◆ **AIM OF THE TASK**
Here is a listing. Repeat it exactly and in its entirety.

-- DATA FOR ANALYSIS follows --

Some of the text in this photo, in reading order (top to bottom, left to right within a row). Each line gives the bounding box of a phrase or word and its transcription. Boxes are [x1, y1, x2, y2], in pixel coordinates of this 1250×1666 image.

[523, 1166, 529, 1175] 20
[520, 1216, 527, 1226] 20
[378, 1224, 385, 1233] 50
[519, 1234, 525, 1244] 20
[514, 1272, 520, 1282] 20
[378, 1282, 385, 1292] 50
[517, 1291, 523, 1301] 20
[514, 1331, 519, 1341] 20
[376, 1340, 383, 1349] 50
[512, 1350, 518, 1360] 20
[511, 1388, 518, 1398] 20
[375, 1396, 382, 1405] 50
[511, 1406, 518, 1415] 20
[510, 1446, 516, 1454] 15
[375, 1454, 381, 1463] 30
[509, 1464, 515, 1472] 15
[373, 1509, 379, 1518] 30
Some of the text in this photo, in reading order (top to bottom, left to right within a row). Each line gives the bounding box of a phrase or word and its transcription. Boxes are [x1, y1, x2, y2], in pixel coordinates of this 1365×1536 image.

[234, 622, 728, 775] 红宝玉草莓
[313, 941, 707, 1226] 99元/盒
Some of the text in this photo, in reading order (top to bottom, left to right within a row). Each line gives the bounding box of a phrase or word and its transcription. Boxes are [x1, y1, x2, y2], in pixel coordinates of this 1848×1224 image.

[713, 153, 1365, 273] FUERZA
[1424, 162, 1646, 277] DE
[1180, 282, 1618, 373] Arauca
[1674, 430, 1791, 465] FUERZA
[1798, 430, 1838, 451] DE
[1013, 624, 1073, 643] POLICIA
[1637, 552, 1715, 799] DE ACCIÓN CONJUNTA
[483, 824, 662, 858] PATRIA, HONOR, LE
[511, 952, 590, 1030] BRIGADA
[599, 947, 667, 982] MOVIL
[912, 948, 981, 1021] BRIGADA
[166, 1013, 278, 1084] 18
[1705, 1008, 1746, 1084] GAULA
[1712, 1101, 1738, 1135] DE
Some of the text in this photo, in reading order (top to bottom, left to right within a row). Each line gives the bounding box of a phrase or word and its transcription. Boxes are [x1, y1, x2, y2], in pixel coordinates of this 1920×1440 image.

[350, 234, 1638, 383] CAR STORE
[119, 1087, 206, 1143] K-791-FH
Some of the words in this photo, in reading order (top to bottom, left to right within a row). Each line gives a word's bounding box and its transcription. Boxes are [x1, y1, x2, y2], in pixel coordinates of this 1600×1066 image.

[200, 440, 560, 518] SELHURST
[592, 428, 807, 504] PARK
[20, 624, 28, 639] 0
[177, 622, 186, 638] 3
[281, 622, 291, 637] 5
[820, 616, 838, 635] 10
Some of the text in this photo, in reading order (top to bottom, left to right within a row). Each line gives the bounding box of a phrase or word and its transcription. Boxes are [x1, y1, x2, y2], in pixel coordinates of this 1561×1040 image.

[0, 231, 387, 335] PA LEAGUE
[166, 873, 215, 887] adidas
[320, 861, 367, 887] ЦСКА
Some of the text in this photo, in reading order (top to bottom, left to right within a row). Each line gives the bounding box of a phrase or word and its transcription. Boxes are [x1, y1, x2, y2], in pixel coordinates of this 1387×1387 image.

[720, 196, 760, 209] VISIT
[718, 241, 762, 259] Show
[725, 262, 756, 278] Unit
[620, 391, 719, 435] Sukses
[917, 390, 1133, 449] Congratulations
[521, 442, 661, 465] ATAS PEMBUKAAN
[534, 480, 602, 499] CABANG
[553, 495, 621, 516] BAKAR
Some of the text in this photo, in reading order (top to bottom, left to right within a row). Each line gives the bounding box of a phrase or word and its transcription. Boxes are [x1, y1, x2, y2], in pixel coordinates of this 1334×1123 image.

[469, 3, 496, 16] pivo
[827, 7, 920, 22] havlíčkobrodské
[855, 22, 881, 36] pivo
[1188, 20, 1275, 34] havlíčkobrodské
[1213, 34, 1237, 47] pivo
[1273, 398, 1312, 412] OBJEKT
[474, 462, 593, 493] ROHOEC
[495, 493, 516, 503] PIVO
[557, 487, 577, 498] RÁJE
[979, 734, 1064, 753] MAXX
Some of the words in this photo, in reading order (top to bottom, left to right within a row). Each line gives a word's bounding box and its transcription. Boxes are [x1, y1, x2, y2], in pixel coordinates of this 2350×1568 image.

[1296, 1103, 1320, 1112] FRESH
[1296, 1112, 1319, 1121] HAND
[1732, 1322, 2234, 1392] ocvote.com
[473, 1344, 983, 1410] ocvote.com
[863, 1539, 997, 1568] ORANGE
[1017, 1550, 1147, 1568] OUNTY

-- DATA FOR ANALYSIS concluded --

◆ **RESULT OF THIS EXERCISE**
Some of the text in this photo, in reading order (top to bottom, left to right within a row). Each line gives the bounding box of a phrase or word and its transcription. Boxes are [x1, y1, x2, y2], in pixel coordinates of this 1250×1666 image.

[523, 1166, 529, 1175] 20
[520, 1216, 527, 1226] 20
[378, 1224, 385, 1233] 50
[519, 1234, 525, 1244] 20
[514, 1272, 520, 1282] 20
[378, 1282, 385, 1292] 50
[517, 1291, 523, 1301] 20
[514, 1331, 519, 1341] 20
[376, 1340, 383, 1349] 50
[512, 1350, 518, 1360] 20
[511, 1388, 518, 1398] 20
[375, 1396, 382, 1405] 50
[511, 1406, 518, 1415] 20
[510, 1446, 516, 1454] 15
[375, 1454, 381, 1463] 30
[509, 1464, 515, 1472] 15
[373, 1509, 379, 1518] 30
Some of the text in this photo, in reading order (top to bottom, left to right within a row). Each line gives the bounding box of a phrase or word and its transcription. Boxes are [x1, y1, x2, y2], in pixel coordinates of this 1365×1536 image.

[234, 622, 728, 775] 红宝玉草莓
[313, 941, 707, 1226] 99元/盒
Some of the text in this photo, in reading order (top to bottom, left to right within a row). Each line gives the bounding box of a phrase or word and its transcription. Boxes are [x1, y1, x2, y2], in pixel coordinates of this 1848×1224 image.

[713, 153, 1365, 273] FUERZA
[1424, 162, 1646, 277] DE
[1180, 282, 1618, 373] Arauca
[1674, 430, 1791, 465] FUERZA
[1798, 430, 1838, 451] DE
[1013, 624, 1073, 643] POLICIA
[1637, 552, 1715, 799] DE ACCIÓN CONJUNTA
[483, 824, 662, 858] PATRIA, HONOR, LE
[511, 952, 590, 1030] BRIGADA
[599, 947, 667, 982] MOVIL
[912, 948, 981, 1021] BRIGADA
[166, 1013, 278, 1084] 18
[1705, 1008, 1746, 1084] GAULA
[1712, 1101, 1738, 1135] DE
Some of the text in this photo, in reading order (top to bottom, left to right within a row). Each line gives the bounding box of a phrase or word and its transcription. Boxes are [x1, y1, x2, y2], in pixel coordinates of this 1920×1440 image.

[350, 234, 1638, 383] CAR STORE
[119, 1087, 206, 1143] K-791-FH
Some of the words in this photo, in reading order (top to bottom, left to right within a row). Each line gives a word's bounding box and its transcription. Boxes are [x1, y1, x2, y2], in pixel coordinates of this 1600×1066 image.

[200, 440, 560, 518] SELHURST
[592, 428, 807, 504] PARK
[20, 624, 28, 639] 0
[177, 622, 186, 638] 3
[281, 622, 291, 637] 5
[820, 616, 838, 635] 10
Some of the text in this photo, in reading order (top to bottom, left to right within a row). Each line gives the bounding box of a phrase or word and its transcription. Boxes are [x1, y1, x2, y2], in pixel coordinates of this 1561×1040 image.

[0, 231, 387, 335] PA LEAGUE
[166, 873, 215, 887] adidas
[320, 861, 367, 887] ЦСКА
Some of the text in this photo, in reading order (top to bottom, left to right within a row). Each line gives the bounding box of a phrase or word and its transcription. Boxes are [x1, y1, x2, y2], in pixel coordinates of this 1387×1387 image.

[720, 196, 760, 209] VISIT
[718, 241, 762, 259] Show
[725, 262, 756, 278] Unit
[620, 391, 719, 435] Sukses
[917, 390, 1133, 449] Congratulations
[521, 442, 661, 465] ATAS PEMBUKAAN
[534, 480, 602, 499] CABANG
[553, 495, 621, 516] BAKAR
Some of the text in this photo, in reading order (top to bottom, left to right within a row). Each line gives the bounding box of a phrase or word and its transcription. Boxes are [x1, y1, x2, y2], in pixel coordinates of this 1334×1123 image.

[469, 3, 496, 16] pivo
[827, 7, 920, 22] havlíčkobrodské
[855, 22, 881, 36] pivo
[1188, 20, 1275, 34] havlíčkobrodské
[1213, 34, 1237, 47] pivo
[1273, 398, 1312, 412] OBJEKT
[474, 462, 593, 493] ROHOEC
[495, 493, 516, 503] PIVO
[557, 487, 577, 498] RÁJE
[979, 734, 1064, 753] MAXX
Some of the words in this photo, in reading order (top to bottom, left to right within a row). Each line gives a word's bounding box and its transcription. Boxes are [x1, y1, x2, y2], in pixel coordinates of this 2350×1568 image.

[1296, 1103, 1320, 1112] FRESH
[1296, 1112, 1319, 1121] HAND
[1732, 1322, 2234, 1392] ocvote.com
[473, 1344, 983, 1410] ocvote.com
[863, 1539, 997, 1568] ORANGE
[1017, 1550, 1147, 1568] OUNTY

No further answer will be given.